About a year-and-a-half ago, I wrote a post about how assumption-of-risk principles might apply to the claim that ex-NFL players were suffering from dementia and other chronic brain problems due to repeated blows to the head. I didn’t realize at the time that we would see a lawsuit against the league along these lines so soon. While extensive discovery is still ahead, there is a decent chance that the NFL will be found liable for not doing more to protect players.

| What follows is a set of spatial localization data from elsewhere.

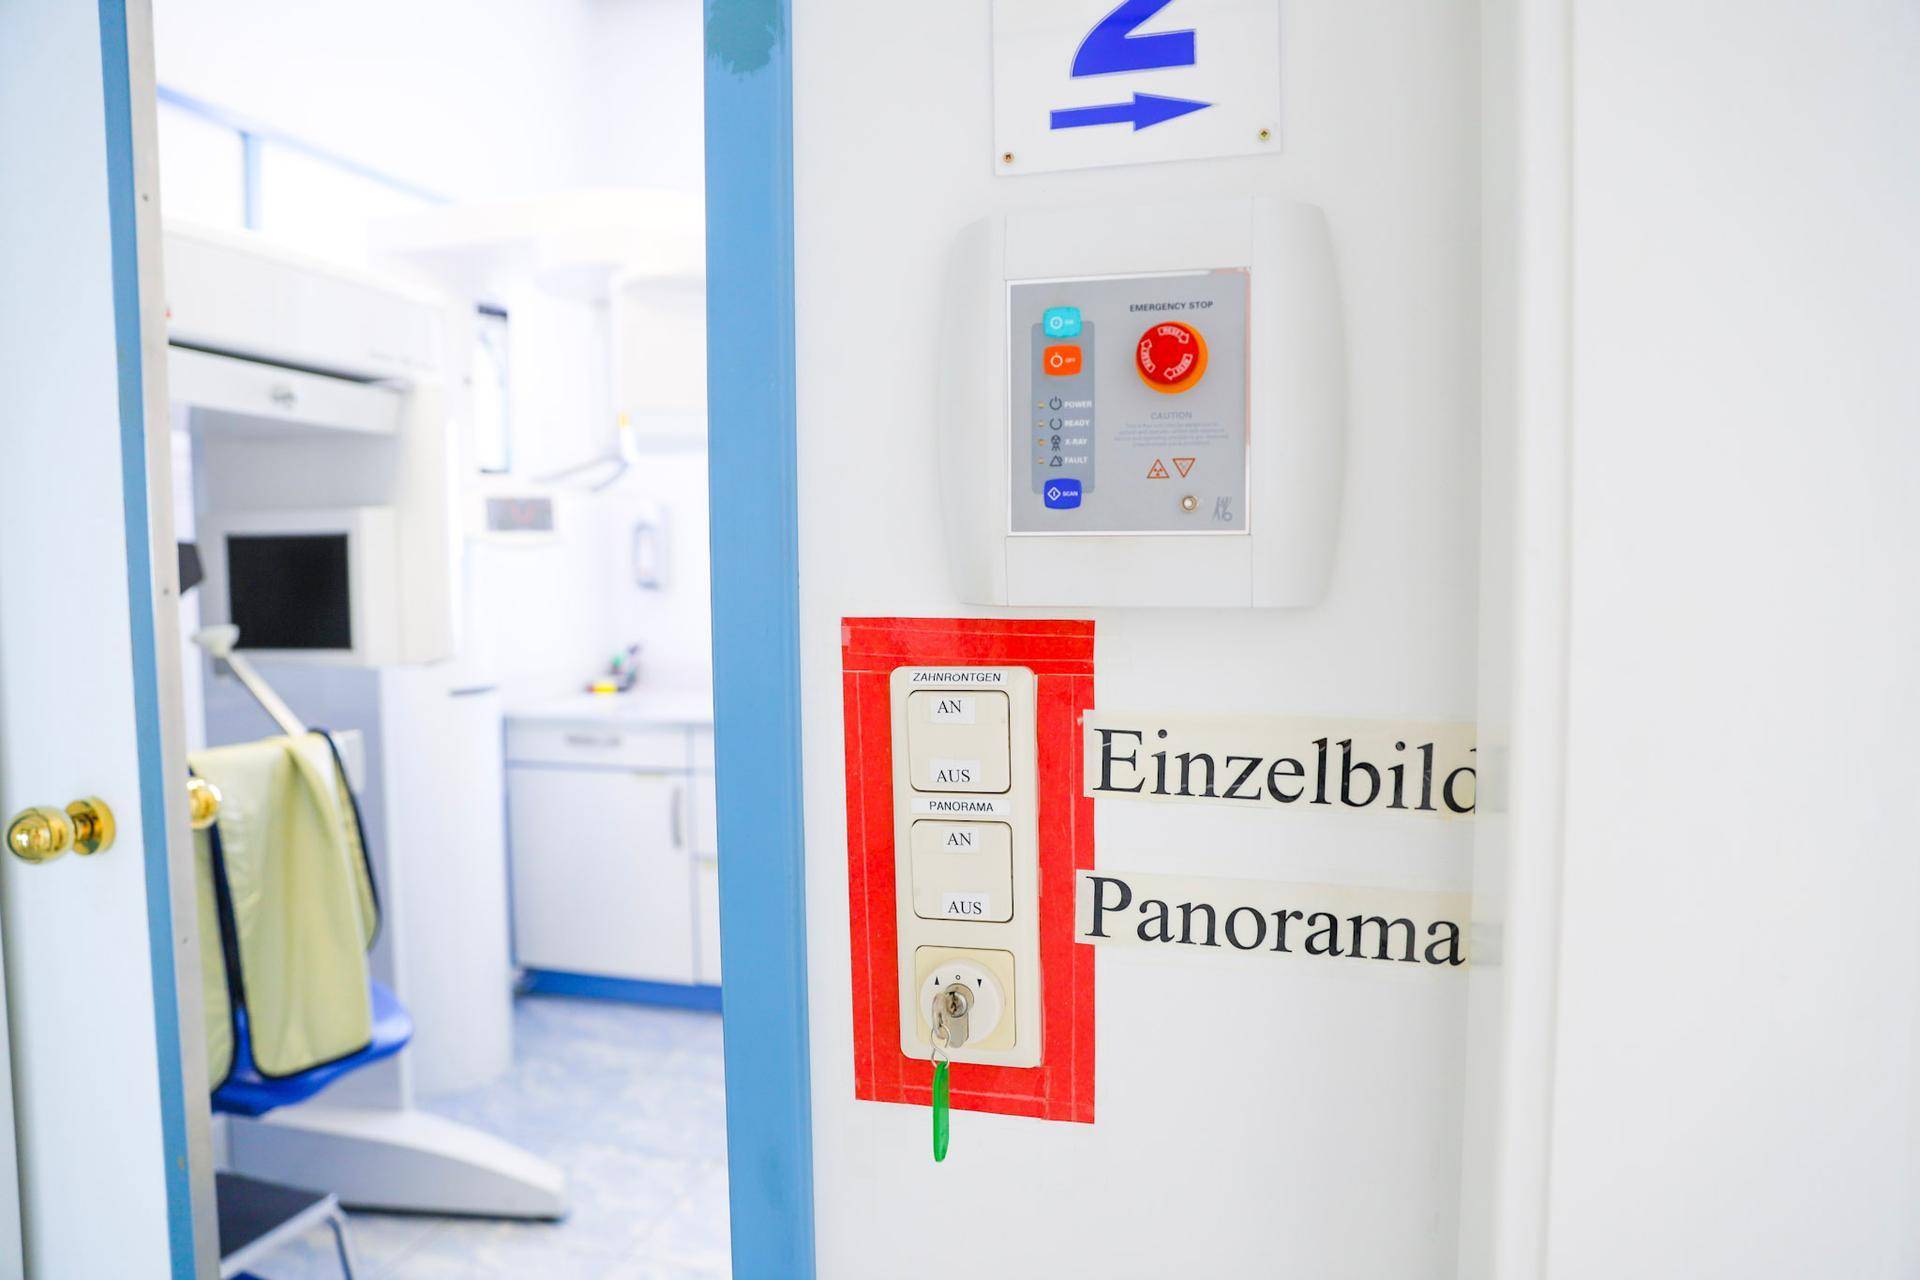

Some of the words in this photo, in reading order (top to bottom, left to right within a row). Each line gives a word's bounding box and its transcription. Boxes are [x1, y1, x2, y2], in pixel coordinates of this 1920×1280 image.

[1129, 301, 1187, 312] EMERGENCY
[1189, 300, 1214, 309] STOP
[1064, 400, 1092, 409] POWER
[1150, 411, 1193, 420] CAUTION
[1064, 419, 1090, 427] READY
[1064, 438, 1088, 446] X-RAY
[1064, 456, 1089, 465] FAULT
[913, 672, 1001, 682] ZAHNRÖNTGEN
[937, 700, 962, 714] AN
[936, 769, 971, 783] AUS
[929, 801, 994, 812] PANORAMA
[947, 833, 972, 846] AN
[948, 901, 982, 915] AUS
[1085, 876, 1466, 967] Panorama

One issue in the case is “What did the NFL know and when did they know it?” If this is like the tobacco litigation and NFL officials knew, say, 20 years ago, that there was a problem and did nothing, then liability is all-but-certain. It is more likely, though, that this is not true. What then? Product liability suits with a long latency period (the time between exposure and symptoms) pose very tricky problems. One way of viewing the issue is that it is unfair to hold a firm liable when the consensus was that the product was safe–how were they supposed to know better? Another thought is that a firm that puts a product into the stream of commerce and injures people should always pay because they profited and to do otherwise would force an innocent victim to bear the loss. Complicating that is the extent to which the consumer is aware of a risk, though not THE risk, of the product. Obviously football players knew that they could get seriously hurt. But does it matter that they did not know that they could get hurt in the way that, say, Dave Duerson was?
This is actually not a bad topic for a symposium, but in the meantime what do you think? (The prospective question of how you can make football safer is a separate issue.)